This FAHA’r is struggling with how to cope with the “problem student.” Is this a difference in discipline styles, or is this conduct inappropriate?
On my team we have a couple of kids who are not exactly the quietest. They also tend to annoy the mentors and the students on the team by constantly arguing with each other. For the past year, the team has handled this by mostly ignoring their comments/arguments and only telling them to be quiet when absolutely neccessary. We have also tried to separate them so they don't argue, with mixed results. When we started meeting again this year, the mentor made it very clear that they would not tolerate interrruptions, and that you must raise your hand to speak. Unfortuneately the students that were causing this problem seem to not have changed their behavior in the least.
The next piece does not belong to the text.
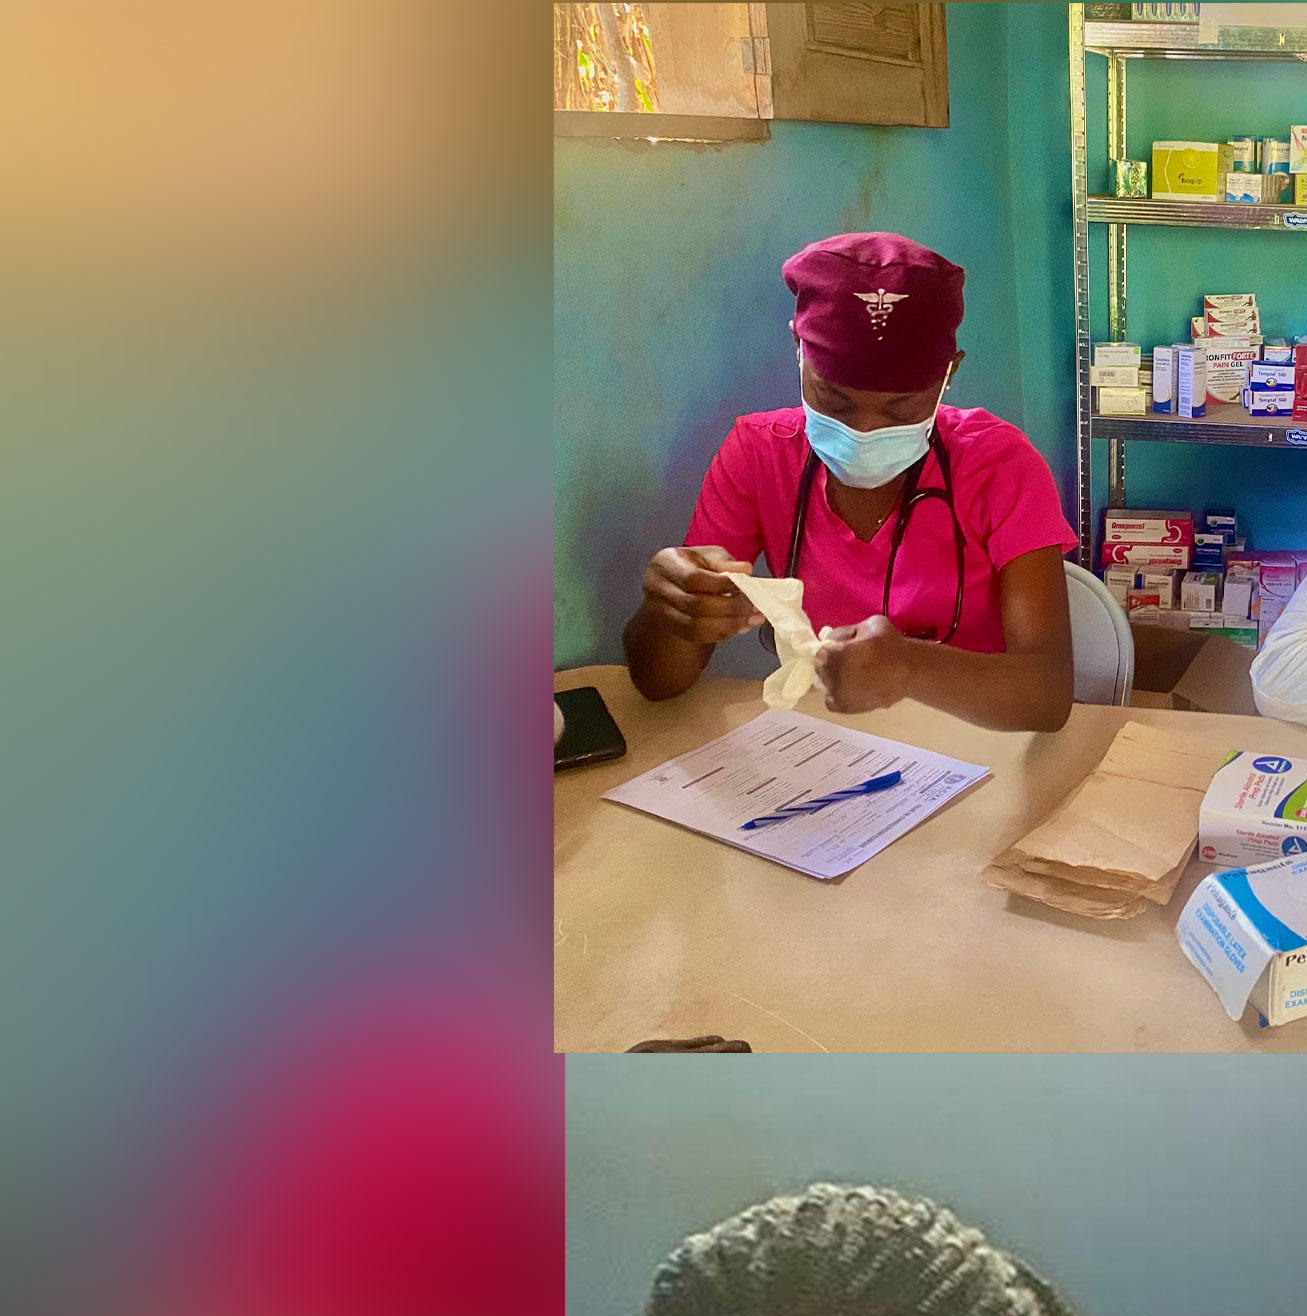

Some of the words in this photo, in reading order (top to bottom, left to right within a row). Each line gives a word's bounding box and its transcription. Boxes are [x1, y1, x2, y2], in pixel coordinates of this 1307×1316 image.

At meetings the kids get yelled at by the mentor to be quiet, and seem to listen, for a while. Then later on, they'll start up their consistant arguing with each other or will interrupt with an unneccessary comment.
While I would like suggestions about handling these kind of rowdy students, (Maybe they just want attention?) there also has been something else that has been bugging me.
In addition to yelling at the students when they are interrupting or arguing, the mentor has lately taken to "talking back" to the students. The mentor would say things like "A two-year old is more mature than you" (Or something along those lines, I don't want to give a specific example of what the mentor said to the students in question because I am afraid that it would reveal their identity.)
This has been going on for a while, and it has bothered me a lot. This person is supposed to be a mentor, and I thought mentors were supposed to respect their students, and try to help them change for the better. This behavior seems to me like it wouldn't help the students change for the better.
I've been trying to think of reasons this mentor would be doing this, but all the reasons I've come up with (Short temper, thinks this will keep them quiet, has run out of ways to keep them in line, if it's because they are the only full-time mentor this year, or if something is going on outside of robotics) don't fully explain what's going on here. Or maybe they do, and I don't know how to go about making things better, or if I even should try and do something.
I'm really confused right now, and would appreciate any insights, thoughts, or ideas about how to solve this problem without embarrassing anyone or hurting any feelings, or on how to approach the mentor about this behavior and why I think it is wrong.